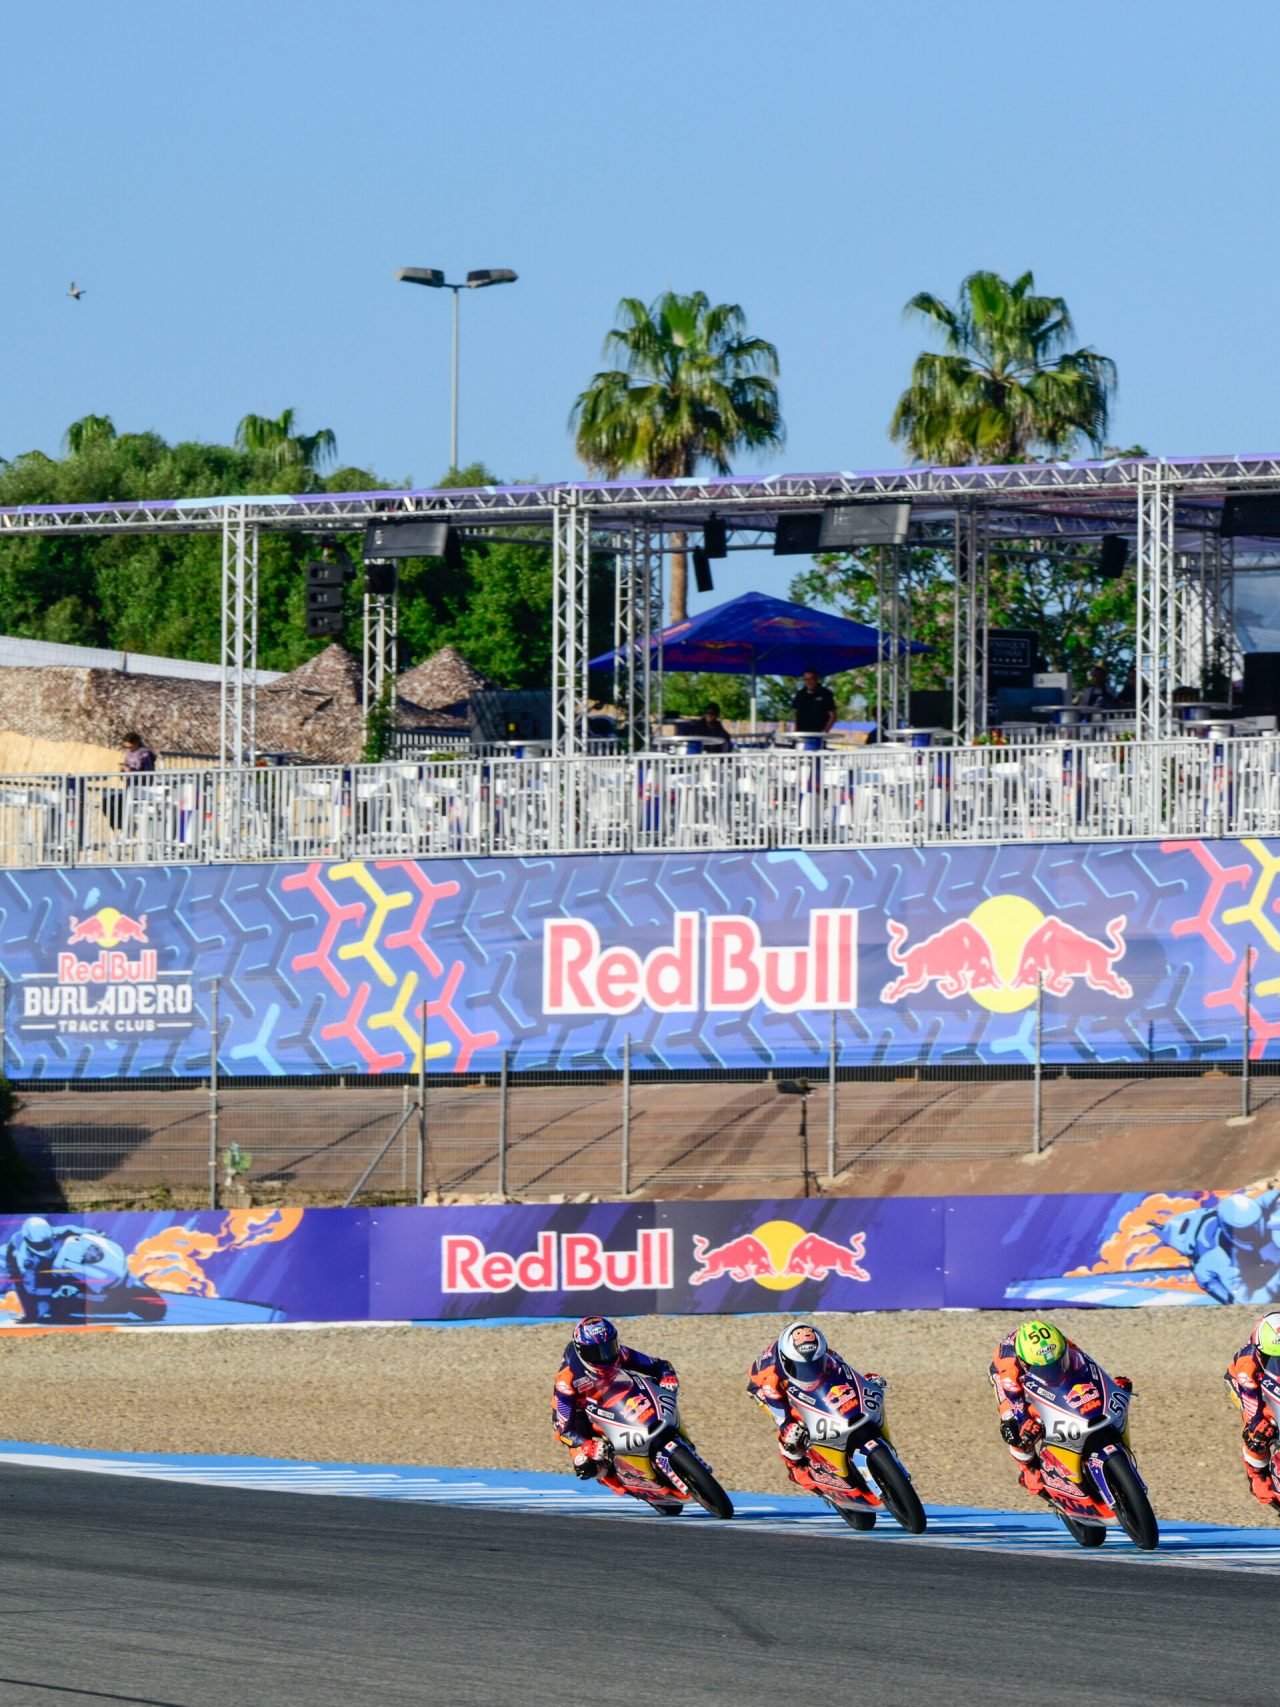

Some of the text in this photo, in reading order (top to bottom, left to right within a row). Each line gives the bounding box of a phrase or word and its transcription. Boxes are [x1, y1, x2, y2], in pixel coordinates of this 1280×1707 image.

[58, 949, 157, 984] Red Bull
[542, 908, 859, 1015] Red Bull
[23, 984, 193, 1016] BURLADERO
[58, 1020, 156, 1033] TRACK CLUB
[441, 1228, 674, 1293] Red Bull
[792, 1328, 815, 1345] 95
[1028, 1328, 1051, 1344] 50
[864, 1388, 882, 1410] 95
[1109, 1392, 1129, 1418] 50
[816, 1418, 841, 1440] 95
[1052, 1420, 1081, 1443] 50
[620, 1431, 646, 1452] 70

▸ Brief:
Transcribe every entry above exactly as it stands, but skip the images.

▸ Task output:
Some of the text in this photo, in reading order (top to bottom, left to right within a row). Each line gives the bounding box of a phrase or word and its transcription. Boxes are [x1, y1, x2, y2], in pixel coordinates of this 1280×1707 image.

[58, 949, 157, 984] Red Bull
[542, 908, 859, 1015] Red Bull
[23, 984, 193, 1016] BURLADERO
[58, 1020, 156, 1033] TRACK CLUB
[441, 1228, 674, 1293] Red Bull
[792, 1328, 815, 1345] 95
[1028, 1328, 1051, 1344] 50
[864, 1388, 882, 1410] 95
[1109, 1392, 1129, 1418] 50
[816, 1418, 841, 1440] 95
[1052, 1420, 1081, 1443] 50
[620, 1431, 646, 1452] 70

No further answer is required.